SUPPLIED MATERIAL:
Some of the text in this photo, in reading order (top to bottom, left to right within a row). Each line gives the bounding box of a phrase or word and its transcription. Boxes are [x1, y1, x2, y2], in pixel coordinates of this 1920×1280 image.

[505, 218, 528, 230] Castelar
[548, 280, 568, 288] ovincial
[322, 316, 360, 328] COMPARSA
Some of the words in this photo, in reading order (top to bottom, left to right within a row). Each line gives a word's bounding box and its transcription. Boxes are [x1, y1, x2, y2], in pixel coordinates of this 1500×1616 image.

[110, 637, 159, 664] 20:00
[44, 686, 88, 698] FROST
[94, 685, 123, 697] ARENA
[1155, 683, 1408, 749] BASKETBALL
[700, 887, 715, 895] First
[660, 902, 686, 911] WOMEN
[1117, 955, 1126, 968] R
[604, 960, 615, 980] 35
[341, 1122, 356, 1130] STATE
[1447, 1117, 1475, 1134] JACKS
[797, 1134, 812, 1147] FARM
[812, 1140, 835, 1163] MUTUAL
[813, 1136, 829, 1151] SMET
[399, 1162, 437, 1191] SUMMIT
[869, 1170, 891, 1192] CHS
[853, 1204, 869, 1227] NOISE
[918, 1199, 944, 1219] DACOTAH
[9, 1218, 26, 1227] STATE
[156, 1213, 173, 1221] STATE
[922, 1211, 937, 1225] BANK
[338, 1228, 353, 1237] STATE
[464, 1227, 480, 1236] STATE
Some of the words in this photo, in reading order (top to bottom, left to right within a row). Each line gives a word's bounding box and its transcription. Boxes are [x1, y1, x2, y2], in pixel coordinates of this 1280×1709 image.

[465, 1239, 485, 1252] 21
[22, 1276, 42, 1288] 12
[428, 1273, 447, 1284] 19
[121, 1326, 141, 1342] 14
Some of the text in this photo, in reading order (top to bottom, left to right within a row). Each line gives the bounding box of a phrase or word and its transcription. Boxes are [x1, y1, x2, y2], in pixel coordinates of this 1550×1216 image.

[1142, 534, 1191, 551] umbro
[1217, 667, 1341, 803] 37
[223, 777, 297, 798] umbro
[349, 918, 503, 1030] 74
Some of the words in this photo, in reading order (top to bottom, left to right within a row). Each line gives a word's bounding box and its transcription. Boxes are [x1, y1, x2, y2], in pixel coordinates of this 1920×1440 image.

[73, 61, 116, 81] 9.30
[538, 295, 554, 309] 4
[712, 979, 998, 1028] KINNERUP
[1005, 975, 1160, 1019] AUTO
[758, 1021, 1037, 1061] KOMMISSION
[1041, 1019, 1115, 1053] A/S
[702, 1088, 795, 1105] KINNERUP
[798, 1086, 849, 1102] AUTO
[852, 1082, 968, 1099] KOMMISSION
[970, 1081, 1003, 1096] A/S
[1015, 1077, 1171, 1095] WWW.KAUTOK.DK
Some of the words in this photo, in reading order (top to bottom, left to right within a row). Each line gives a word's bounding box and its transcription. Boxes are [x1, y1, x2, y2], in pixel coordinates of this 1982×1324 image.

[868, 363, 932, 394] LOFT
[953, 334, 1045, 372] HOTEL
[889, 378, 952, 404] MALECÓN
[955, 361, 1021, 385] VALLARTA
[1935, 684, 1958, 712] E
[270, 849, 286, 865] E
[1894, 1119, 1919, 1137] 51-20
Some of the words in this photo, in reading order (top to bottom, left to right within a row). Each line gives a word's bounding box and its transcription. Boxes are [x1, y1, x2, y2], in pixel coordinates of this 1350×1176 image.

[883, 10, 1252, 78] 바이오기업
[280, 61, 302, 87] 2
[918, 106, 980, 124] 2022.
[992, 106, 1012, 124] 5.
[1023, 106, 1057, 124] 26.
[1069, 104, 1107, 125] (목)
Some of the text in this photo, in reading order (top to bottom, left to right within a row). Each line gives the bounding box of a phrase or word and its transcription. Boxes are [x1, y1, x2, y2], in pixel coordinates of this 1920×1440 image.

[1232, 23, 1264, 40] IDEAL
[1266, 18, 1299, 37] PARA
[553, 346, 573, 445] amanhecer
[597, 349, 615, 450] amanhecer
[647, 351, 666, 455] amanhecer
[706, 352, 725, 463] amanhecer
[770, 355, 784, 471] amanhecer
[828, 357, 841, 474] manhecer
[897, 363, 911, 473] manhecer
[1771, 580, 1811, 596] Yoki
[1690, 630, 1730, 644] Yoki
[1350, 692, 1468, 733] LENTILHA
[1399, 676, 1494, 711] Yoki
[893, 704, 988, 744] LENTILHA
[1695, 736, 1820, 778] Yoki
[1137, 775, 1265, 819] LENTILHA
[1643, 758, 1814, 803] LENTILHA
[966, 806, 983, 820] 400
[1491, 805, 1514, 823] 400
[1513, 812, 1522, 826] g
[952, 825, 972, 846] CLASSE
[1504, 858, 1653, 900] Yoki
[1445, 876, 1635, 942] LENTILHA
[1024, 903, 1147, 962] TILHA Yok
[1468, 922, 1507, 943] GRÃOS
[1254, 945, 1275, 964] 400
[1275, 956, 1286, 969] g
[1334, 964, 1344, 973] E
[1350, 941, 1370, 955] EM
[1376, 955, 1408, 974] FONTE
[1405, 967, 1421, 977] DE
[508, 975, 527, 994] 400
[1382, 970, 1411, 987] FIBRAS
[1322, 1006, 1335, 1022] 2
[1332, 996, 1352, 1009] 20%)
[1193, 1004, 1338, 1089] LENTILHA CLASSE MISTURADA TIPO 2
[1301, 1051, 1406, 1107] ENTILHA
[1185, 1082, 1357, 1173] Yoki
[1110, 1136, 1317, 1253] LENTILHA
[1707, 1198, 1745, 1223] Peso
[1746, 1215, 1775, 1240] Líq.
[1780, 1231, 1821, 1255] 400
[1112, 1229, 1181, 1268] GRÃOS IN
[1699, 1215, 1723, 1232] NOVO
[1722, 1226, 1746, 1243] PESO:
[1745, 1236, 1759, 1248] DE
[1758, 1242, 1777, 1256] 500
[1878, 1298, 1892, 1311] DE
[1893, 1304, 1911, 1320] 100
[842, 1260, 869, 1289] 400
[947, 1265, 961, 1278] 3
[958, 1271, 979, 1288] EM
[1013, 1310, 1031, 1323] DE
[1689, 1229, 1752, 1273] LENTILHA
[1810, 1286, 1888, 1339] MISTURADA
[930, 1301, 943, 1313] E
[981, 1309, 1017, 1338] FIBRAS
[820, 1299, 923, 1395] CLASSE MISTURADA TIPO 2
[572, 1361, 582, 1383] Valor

EXERCISE BRIEF: An exact copy of every record above is required.

ANSWER BOX:
Some of the text in this photo, in reading order (top to bottom, left to right within a row). Each line gives the bounding box of a phrase or word and its transcription. Boxes are [x1, y1, x2, y2], in pixel coordinates of this 1920×1280 image.

[505, 218, 528, 230] Castelar
[548, 280, 568, 288] ovincial
[322, 316, 360, 328] COMPARSA
Some of the words in this photo, in reading order (top to bottom, left to right within a row). Each line gives a word's bounding box and its transcription. Boxes are [x1, y1, x2, y2], in pixel coordinates of this 1500×1616 image.

[110, 637, 159, 664] 20:00
[44, 686, 88, 698] FROST
[94, 685, 123, 697] ARENA
[1155, 683, 1408, 749] BASKETBALL
[700, 887, 715, 895] First
[660, 902, 686, 911] WOMEN
[1117, 955, 1126, 968] R
[604, 960, 615, 980] 35
[341, 1122, 356, 1130] STATE
[1447, 1117, 1475, 1134] JACKS
[797, 1134, 812, 1147] FARM
[812, 1140, 835, 1163] MUTUAL
[813, 1136, 829, 1151] SMET
[399, 1162, 437, 1191] SUMMIT
[869, 1170, 891, 1192] CHS
[853, 1204, 869, 1227] NOISE
[918, 1199, 944, 1219] DACOTAH
[9, 1218, 26, 1227] STATE
[156, 1213, 173, 1221] STATE
[922, 1211, 937, 1225] BANK
[338, 1228, 353, 1237] STATE
[464, 1227, 480, 1236] STATE
Some of the words in this photo, in reading order (top to bottom, left to right within a row). Each line gives a word's bounding box and its transcription. Boxes are [x1, y1, x2, y2], in pixel coordinates of this 1280×1709 image.

[465, 1239, 485, 1252] 21
[22, 1276, 42, 1288] 12
[428, 1273, 447, 1284] 19
[121, 1326, 141, 1342] 14
Some of the text in this photo, in reading order (top to bottom, left to right within a row). Each line gives the bounding box of a phrase or word and its transcription. Boxes are [x1, y1, x2, y2], in pixel coordinates of this 1550×1216 image.

[1142, 534, 1191, 551] umbro
[1217, 667, 1341, 803] 37
[223, 777, 297, 798] umbro
[349, 918, 503, 1030] 74
Some of the words in this photo, in reading order (top to bottom, left to right within a row). Each line gives a word's bounding box and its transcription. Boxes are [x1, y1, x2, y2], in pixel coordinates of this 1920×1440 image.

[73, 61, 116, 81] 9.30
[538, 295, 554, 309] 4
[712, 979, 998, 1028] KINNERUP
[1005, 975, 1160, 1019] AUTO
[758, 1021, 1037, 1061] KOMMISSION
[1041, 1019, 1115, 1053] A/S
[702, 1088, 795, 1105] KINNERUP
[798, 1086, 849, 1102] AUTO
[852, 1082, 968, 1099] KOMMISSION
[970, 1081, 1003, 1096] A/S
[1015, 1077, 1171, 1095] WWW.KAUTOK.DK
Some of the words in this photo, in reading order (top to bottom, left to right within a row). Each line gives a word's bounding box and its transcription. Boxes are [x1, y1, x2, y2], in pixel coordinates of this 1982×1324 image.

[868, 363, 932, 394] LOFT
[953, 334, 1045, 372] HOTEL
[889, 378, 952, 404] MALECÓN
[955, 361, 1021, 385] VALLARTA
[1935, 684, 1958, 712] E
[270, 849, 286, 865] E
[1894, 1119, 1919, 1137] 51-20
Some of the words in this photo, in reading order (top to bottom, left to right within a row). Each line gives a word's bounding box and its transcription. Boxes are [x1, y1, x2, y2], in pixel coordinates of this 1350×1176 image.

[883, 10, 1252, 78] 바이오기업
[280, 61, 302, 87] 2
[918, 106, 980, 124] 2022.
[992, 106, 1012, 124] 5.
[1023, 106, 1057, 124] 26.
[1069, 104, 1107, 125] (목)
Some of the text in this photo, in reading order (top to bottom, left to right within a row). Each line gives the bounding box of a phrase or word and its transcription. Boxes are [x1, y1, x2, y2], in pixel coordinates of this 1920×1440 image.

[1232, 23, 1264, 40] IDEAL
[1266, 18, 1299, 37] PARA
[553, 346, 573, 445] amanhecer
[597, 349, 615, 450] amanhecer
[647, 351, 666, 455] amanhecer
[706, 352, 725, 463] amanhecer
[770, 355, 784, 471] amanhecer
[828, 357, 841, 474] manhecer
[897, 363, 911, 473] manhecer
[1771, 580, 1811, 596] Yoki
[1690, 630, 1730, 644] Yoki
[1350, 692, 1468, 733] LENTILHA
[1399, 676, 1494, 711] Yoki
[893, 704, 988, 744] LENTILHA
[1695, 736, 1820, 778] Yoki
[1137, 775, 1265, 819] LENTILHA
[1643, 758, 1814, 803] LENTILHA
[966, 806, 983, 820] 400
[1491, 805, 1514, 823] 400
[1513, 812, 1522, 826] g
[952, 825, 972, 846] CLASSE
[1504, 858, 1653, 900] Yoki
[1445, 876, 1635, 942] LENTILHA
[1024, 903, 1147, 962] TILHA Yok
[1468, 922, 1507, 943] GRÃOS
[1254, 945, 1275, 964] 400
[1275, 956, 1286, 969] g
[1334, 964, 1344, 973] E
[1350, 941, 1370, 955] EM
[1376, 955, 1408, 974] FONTE
[1405, 967, 1421, 977] DE
[508, 975, 527, 994] 400
[1382, 970, 1411, 987] FIBRAS
[1322, 1006, 1335, 1022] 2
[1332, 996, 1352, 1009] 20%)
[1193, 1004, 1338, 1089] LENTILHA CLASSE MISTURADA TIPO 2
[1301, 1051, 1406, 1107] ENTILHA
[1185, 1082, 1357, 1173] Yoki
[1110, 1136, 1317, 1253] LENTILHA
[1707, 1198, 1745, 1223] Peso
[1746, 1215, 1775, 1240] Líq.
[1780, 1231, 1821, 1255] 400
[1112, 1229, 1181, 1268] GRÃOS IN
[1699, 1215, 1723, 1232] NOVO
[1722, 1226, 1746, 1243] PESO:
[1745, 1236, 1759, 1248] DE
[1758, 1242, 1777, 1256] 500
[1878, 1298, 1892, 1311] DE
[1893, 1304, 1911, 1320] 100
[842, 1260, 869, 1289] 400
[947, 1265, 961, 1278] 3
[958, 1271, 979, 1288] EM
[1013, 1310, 1031, 1323] DE
[1689, 1229, 1752, 1273] LENTILHA
[1810, 1286, 1888, 1339] MISTURADA
[930, 1301, 943, 1313] E
[981, 1309, 1017, 1338] FIBRAS
[820, 1299, 923, 1395] CLASSE MISTURADA TIPO 2
[572, 1361, 582, 1383] Valor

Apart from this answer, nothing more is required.